··· Available records ···

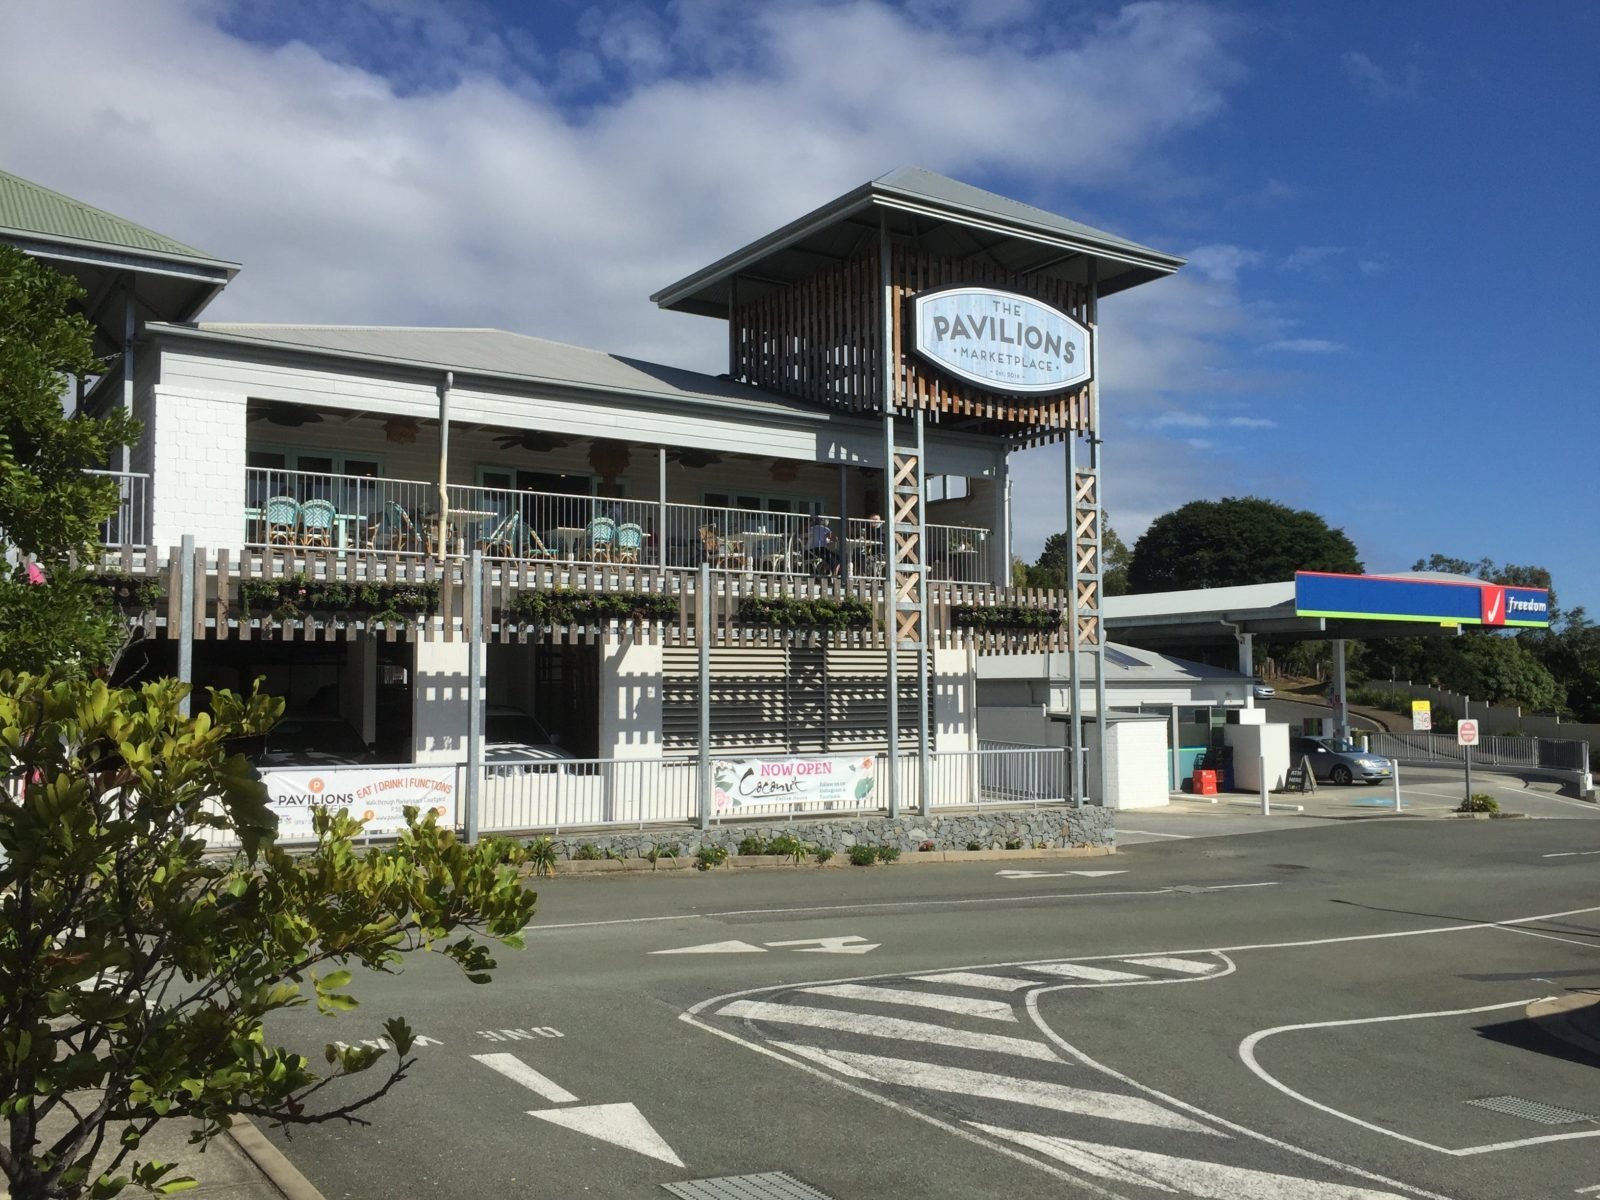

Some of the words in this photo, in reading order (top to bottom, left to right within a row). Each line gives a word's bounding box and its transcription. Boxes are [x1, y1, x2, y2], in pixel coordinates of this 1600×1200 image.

[993, 300, 1021, 316] THE
[933, 313, 1076, 364] PAVILIONS
[960, 347, 1053, 372] MARKETPLACE
[1506, 596, 1547, 613] freedom
[761, 764, 794, 776] NOW
[797, 761, 832, 775] OPEN
[356, 785, 372, 799] EAT
[378, 778, 403, 792] DRINK
[409, 778, 453, 794] FUNCTIONS
[738, 767, 809, 797] Coconut
[278, 793, 354, 805] PAVILIONS
[476, 1026, 565, 1042] ONE

···

:: Required work ::
Would you repeat the entries exactly, keeping the images out?

:: Response to this task ::
Some of the words in this photo, in reading order (top to bottom, left to right within a row). Each line gives a word's bounding box and its transcription. Boxes are [x1, y1, x2, y2], in pixel coordinates of this 1600×1200 image.

[993, 300, 1021, 316] THE
[933, 313, 1076, 364] PAVILIONS
[960, 347, 1053, 372] MARKETPLACE
[1506, 596, 1547, 613] freedom
[761, 764, 794, 776] NOW
[797, 761, 832, 775] OPEN
[356, 785, 372, 799] EAT
[378, 778, 403, 792] DRINK
[409, 778, 453, 794] FUNCTIONS
[738, 767, 809, 797] Coconut
[278, 793, 354, 805] PAVILIONS
[476, 1026, 565, 1042] ONE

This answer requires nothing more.